Theo stood to welcome his father. 

“Well done, Theo,” his father said. “I am glad you found her safe.”

“Safe and well hidden,” Theo smirked at her. Her lips pressed together in irritation and his father laughed at the exchange.

Just then, another man entered. He looked haggard, his jacket was askew and dark shadows lined his eyes. Her father’s eyebrows were pinched in worry. I swallowed hard. 

“Daughter,” he said, sitting next to her on the couch. “Are you alright?”

I nodded. “Yes, Father. I am sorry to have scared you. I was…”

He held his hand up. “No need to explain. I am sorry, I should have spoken to you about it prior to their visit. Not sprung it on you so. I would, however, like to know why you ended up a tree.”

I sighed, leaning back against the couch. “I shall never live this down.”

Theo approached, inclining his head to her father. His expression was a mixture of amusement and hope as he met her stare. He held his hand out. My fingers slid gently into his and then his warm lips were there, brushing her knuckles.

“Perhaps,” Theo said, a mischievous glint in his eye. “Should you accept the match, I will build you a treehouse. A place where you can hide, but is far easier to get down from.”

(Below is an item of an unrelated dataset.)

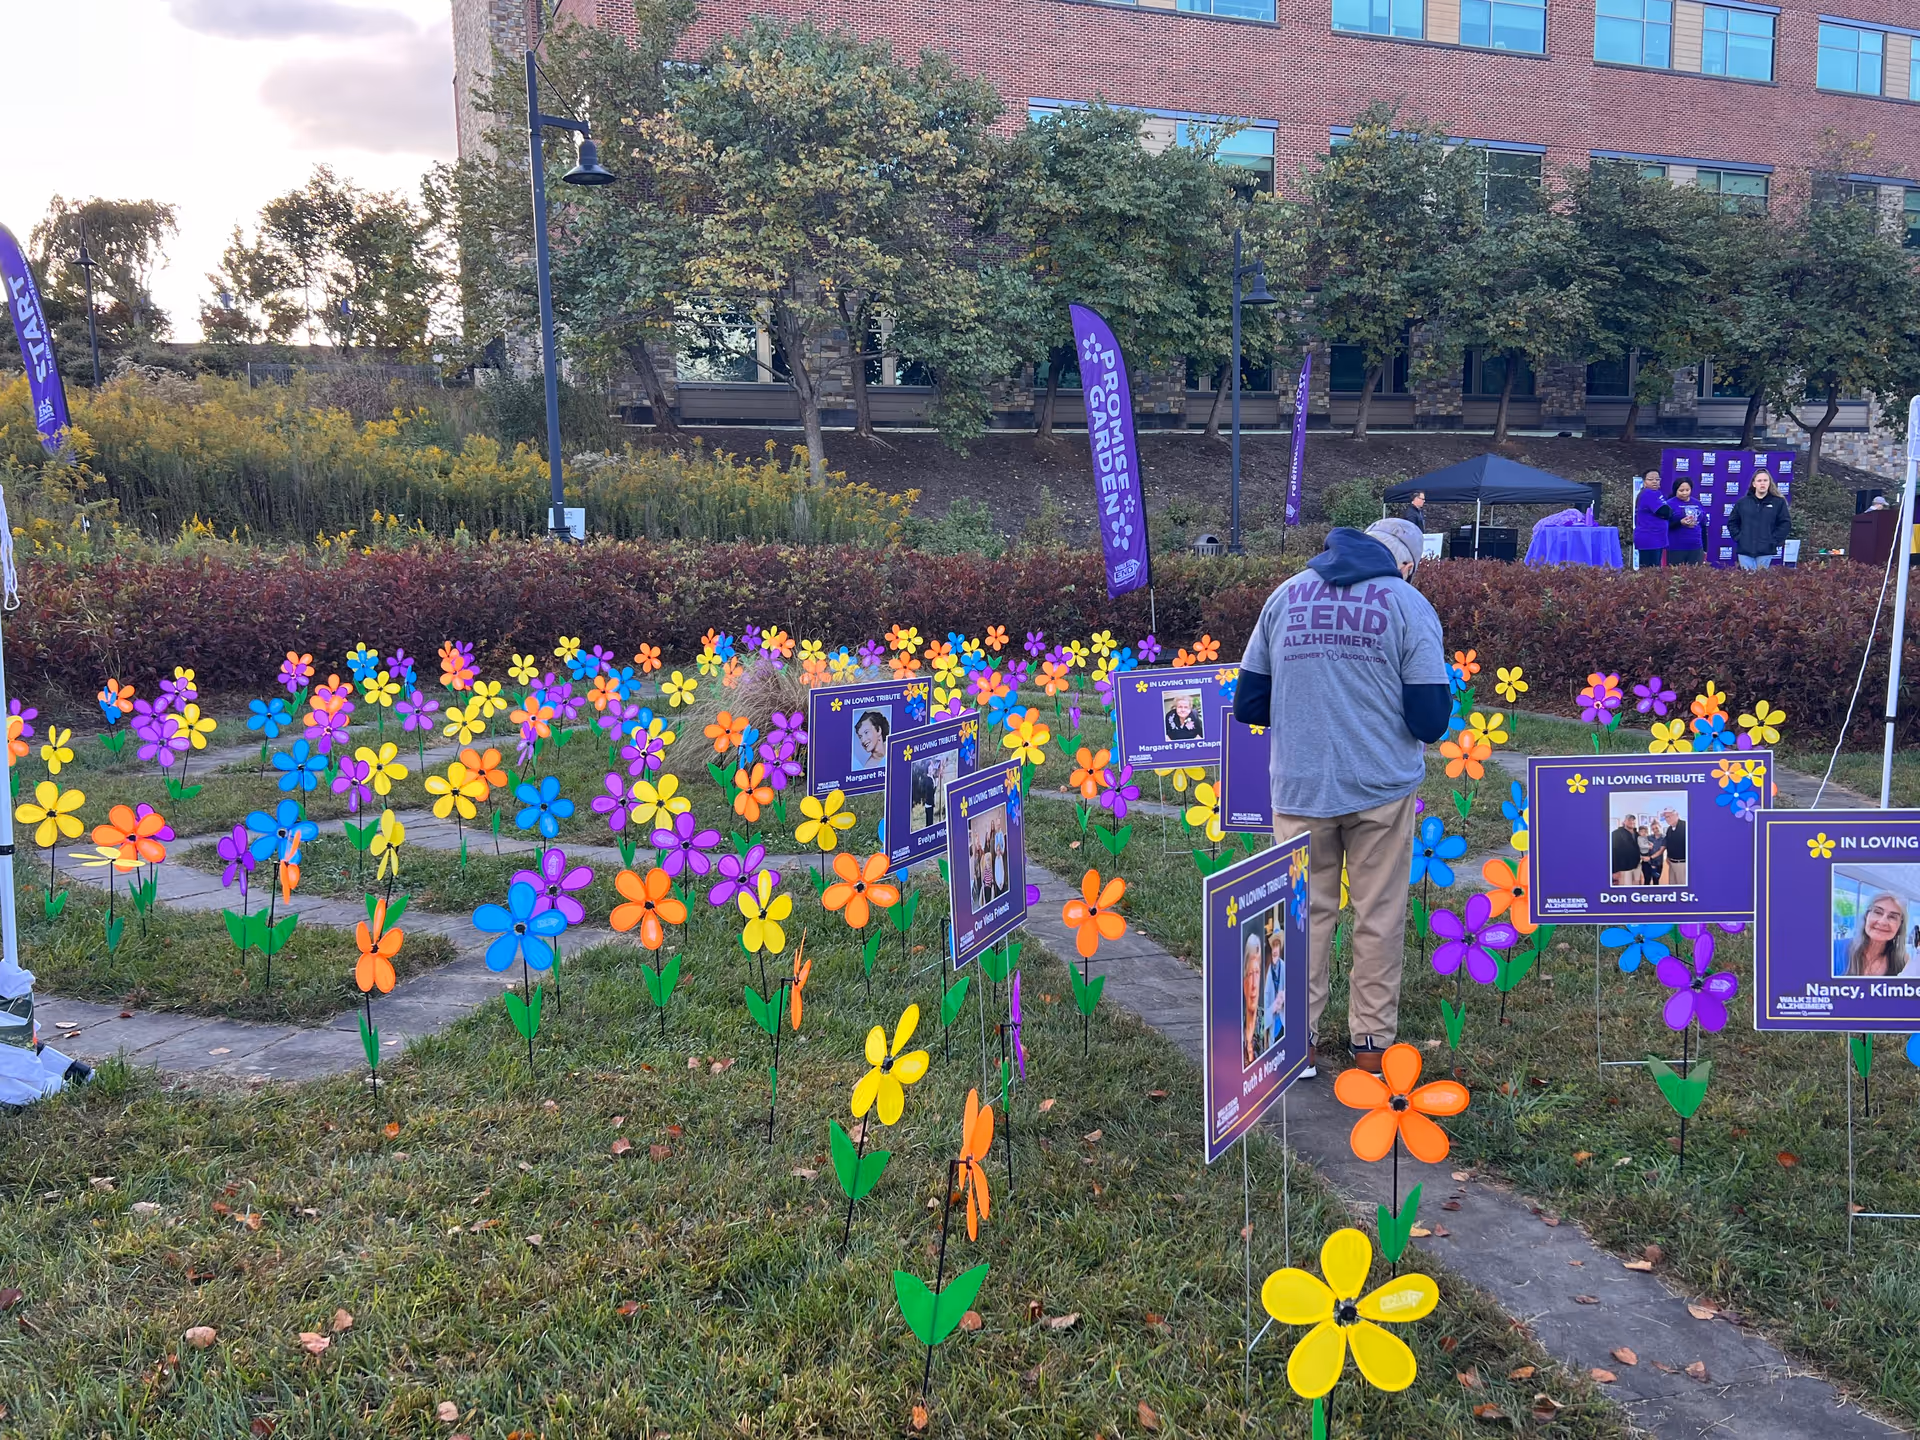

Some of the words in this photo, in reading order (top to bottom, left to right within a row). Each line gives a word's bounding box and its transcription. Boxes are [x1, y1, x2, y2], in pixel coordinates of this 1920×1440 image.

Laughing, I shook my head at him. I had to admit he was quite charming. Handsome, too. I stood, then gazed into his eyes meeting that dark humor head-on.

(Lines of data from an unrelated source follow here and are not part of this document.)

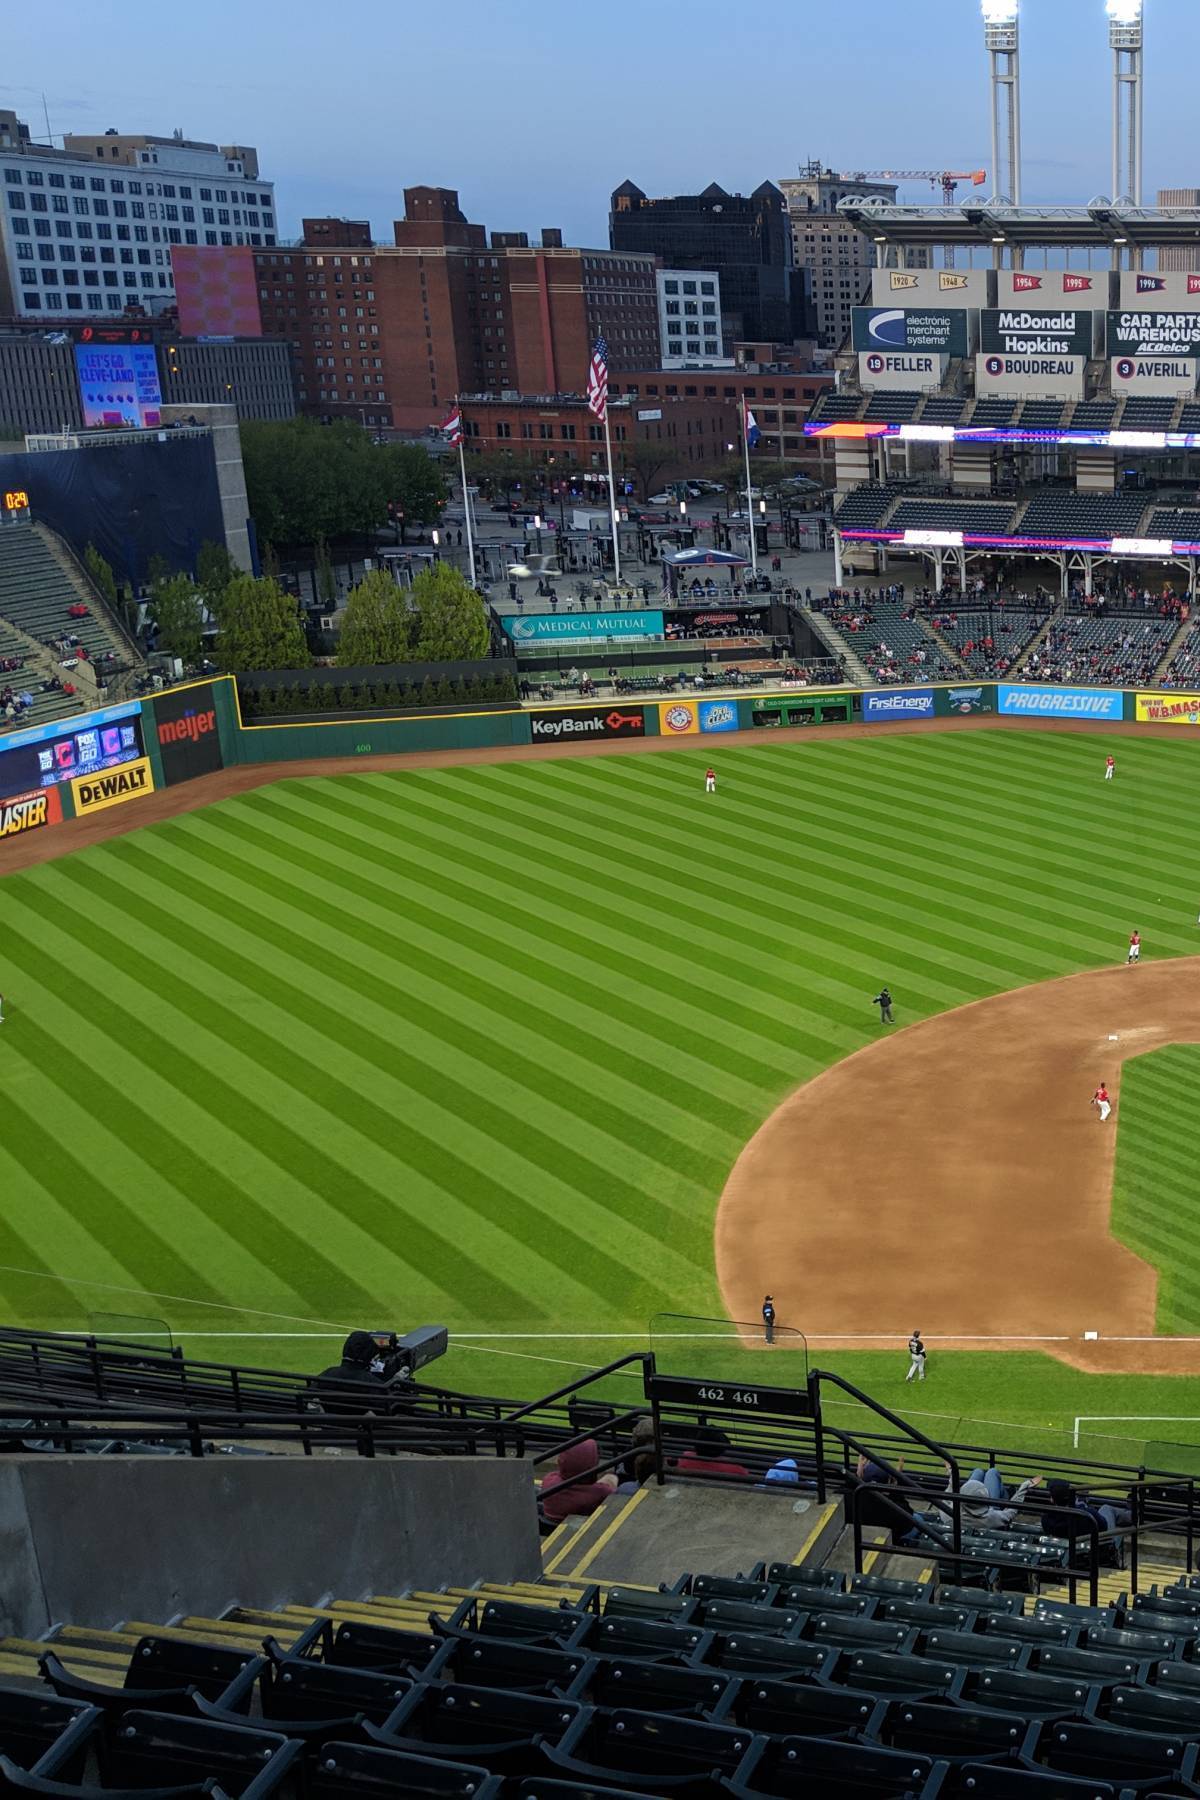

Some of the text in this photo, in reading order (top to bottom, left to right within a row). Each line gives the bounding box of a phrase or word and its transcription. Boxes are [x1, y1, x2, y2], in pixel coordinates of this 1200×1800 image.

[1065, 277, 1083, 288] 1995
[1139, 278, 1156, 289] 1996
[906, 315, 951, 326] electronic
[998, 312, 1076, 331] McDonald
[1120, 313, 1152, 328] CAR
[906, 326, 950, 335] merchant
[906, 337, 946, 346] systems
[1005, 336, 1069, 355] Hopkins
[1136, 342, 1191, 352] ACDelco
[870, 357, 932, 372] 19 FELLER
[991, 360, 1074, 376] 5 BOUDREAU
[1121, 362, 1191, 377] 3 AVERILL
[868, 695, 933, 712] FirstEnergy
[1004, 692, 1114, 713] PROGRESSIVE
[158, 709, 215, 744] meijer
[532, 716, 605, 735] KeyBank
[78, 732, 97, 747] FOX
[698, 1387, 759, 1405] 462 461

“I don’t know. It seems as though, with your help, I was able to descend quite easily,” I said, eyes bright. “Why would I need a treehouse? And besides, what makes you think I am so easily won.”

Theo laughed out loud at that. 

“Oh, Miss Lanette, I do not think that at all. I do however believe my initial assertion was correct.”

“Which was?”

“Strong, smart, and willing to make hard sacrifices. But, I think I shall add one more.” Taking far too many liberties considering her father stood just there, he brushed a hair behind her ear. “You are beautiful a well. Well worth any challenge you provide. I think you shall be a great role model for my Serene.”

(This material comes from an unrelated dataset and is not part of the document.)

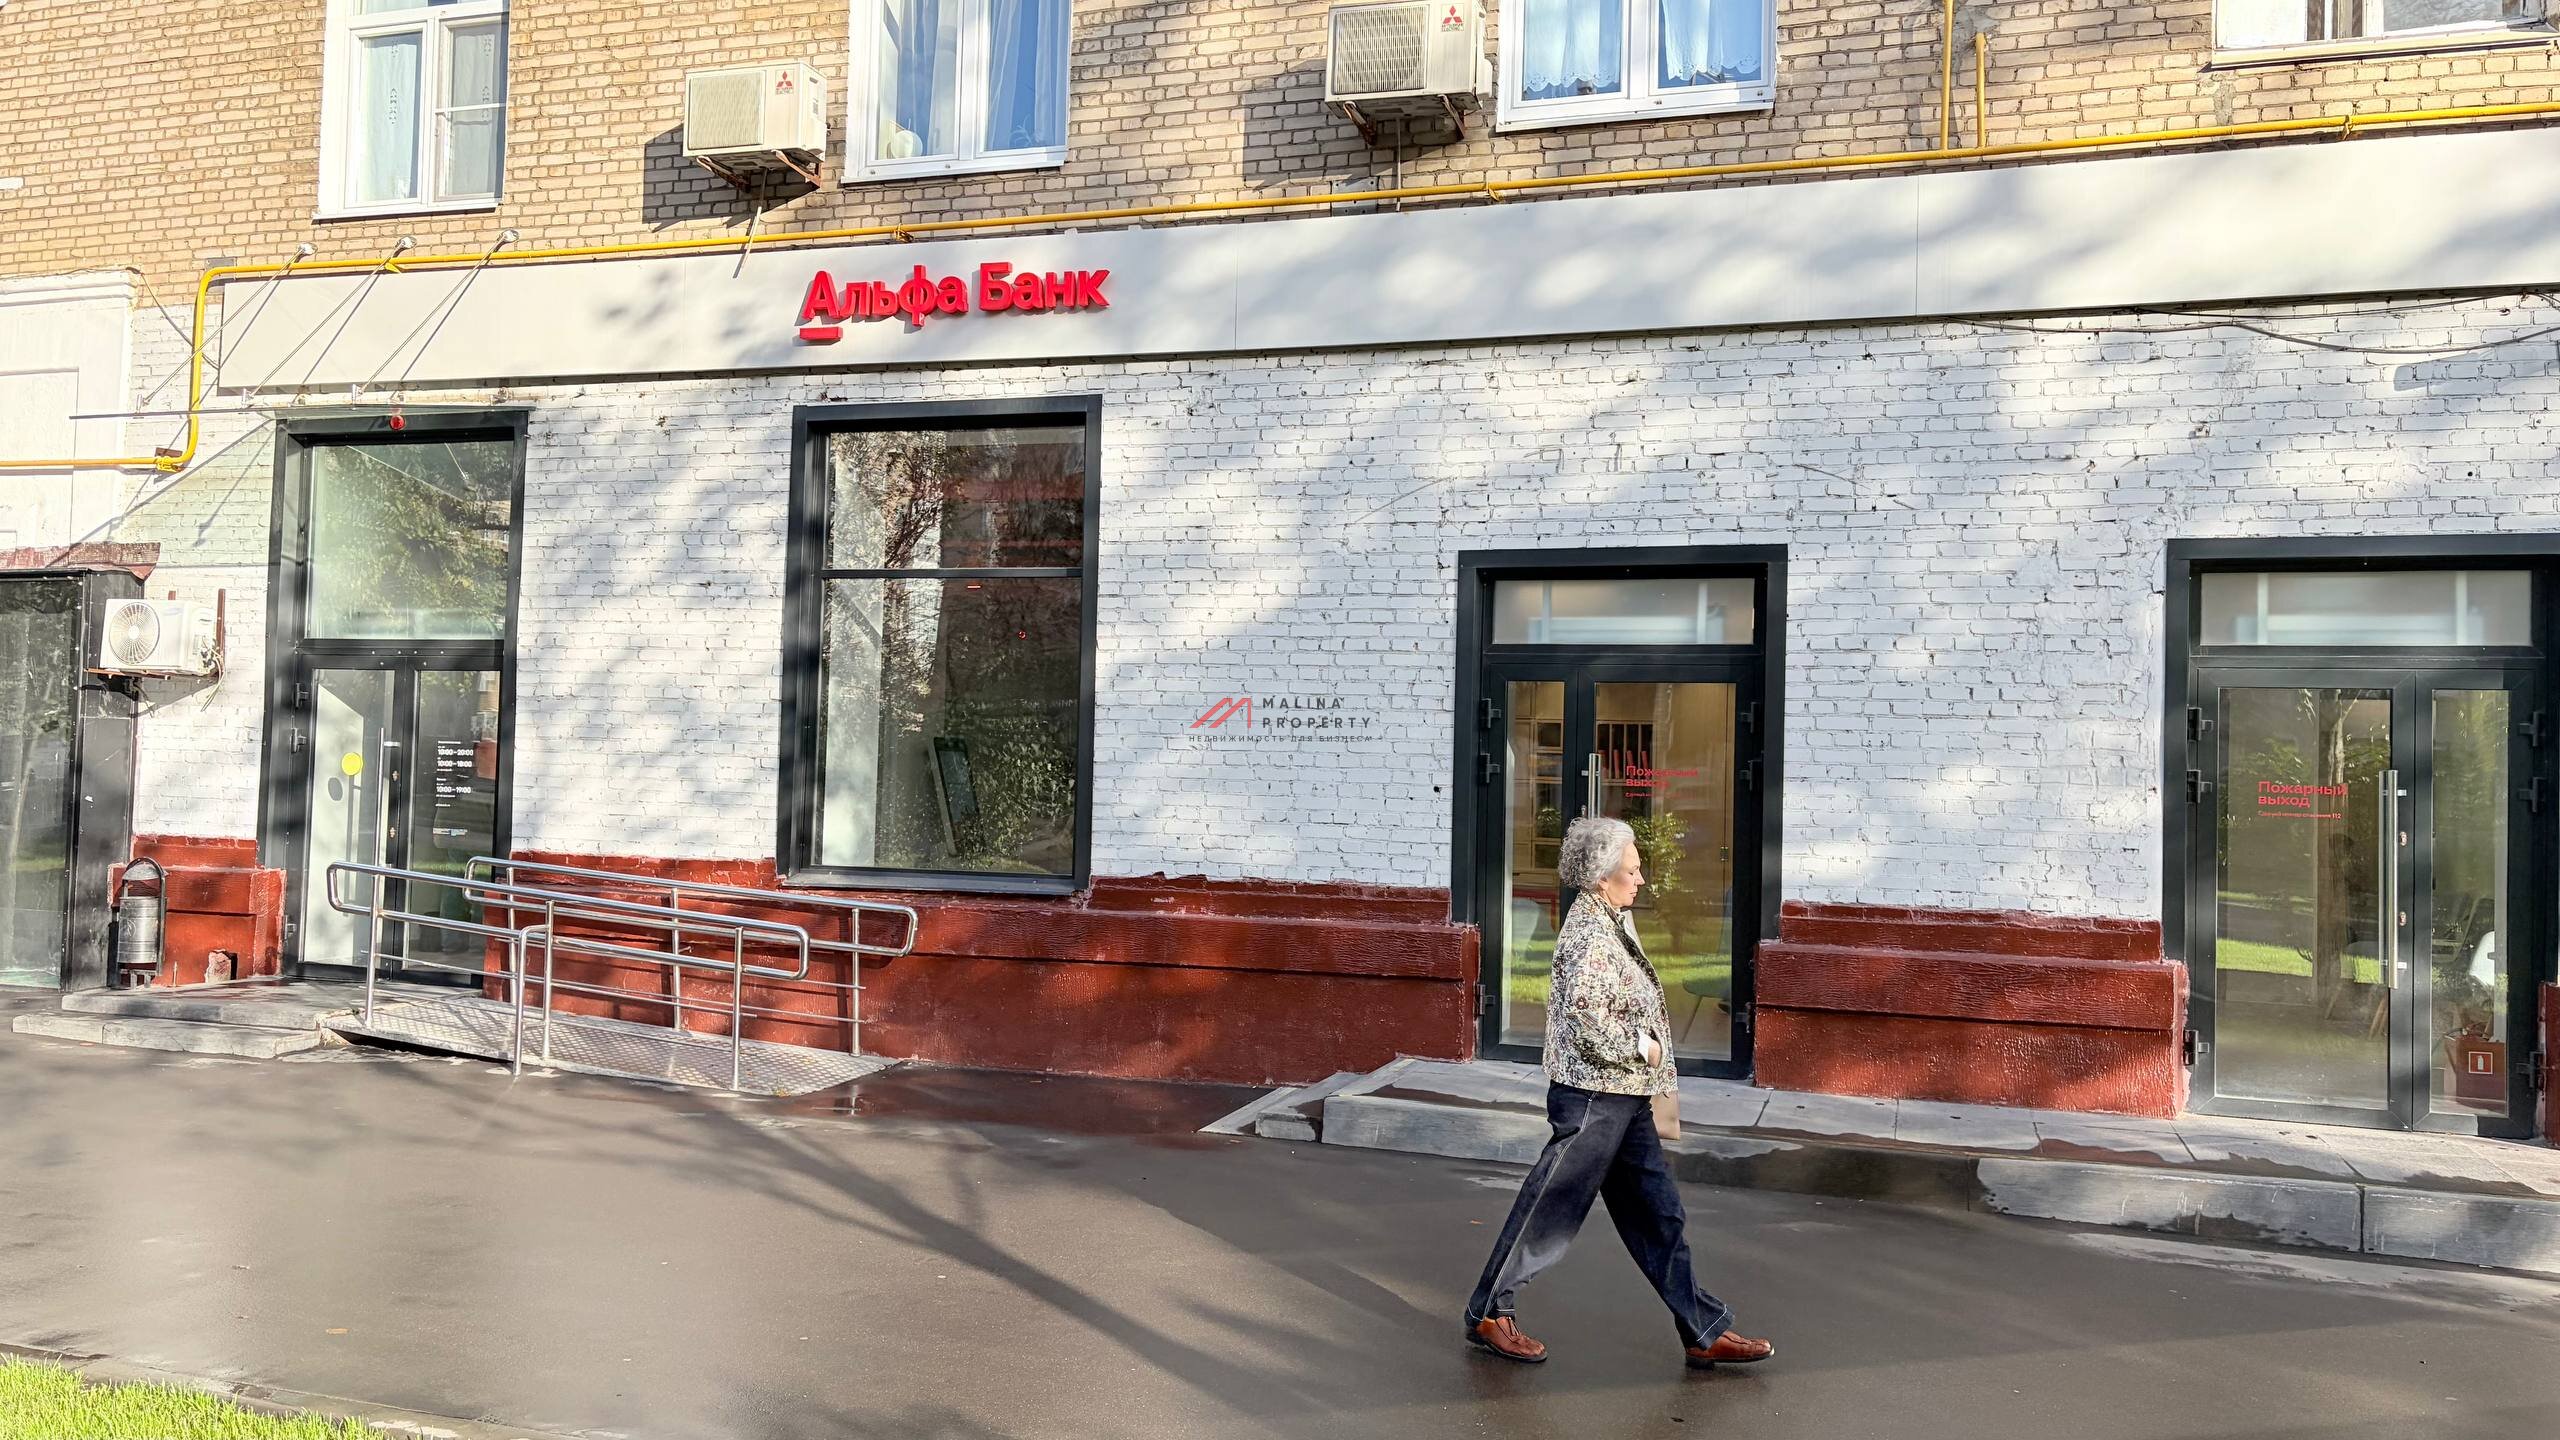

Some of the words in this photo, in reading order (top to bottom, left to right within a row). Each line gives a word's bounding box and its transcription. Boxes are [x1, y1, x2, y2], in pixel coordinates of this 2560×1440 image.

[802, 264, 969, 327] Альфа
[979, 261, 1111, 312] Банк
[2258, 781, 2348, 796] Пожарный
[2258, 796, 2311, 808] выход

The others chuckled knowing, in that instant, that this match was a good one. I could feel it too. It was a coupling found and tested in a moment of uncertainty. One that felt honest and clear, earned with trust and patience. I may have run into those woods afraid of an uncertain suitor, but I am happy to say that I am no longer worried. Theo would not push but instead would provide me the time to decide my own fate. Somehow though, I already knew that in the end he would be my choice and it was all because I was stuck up a tree.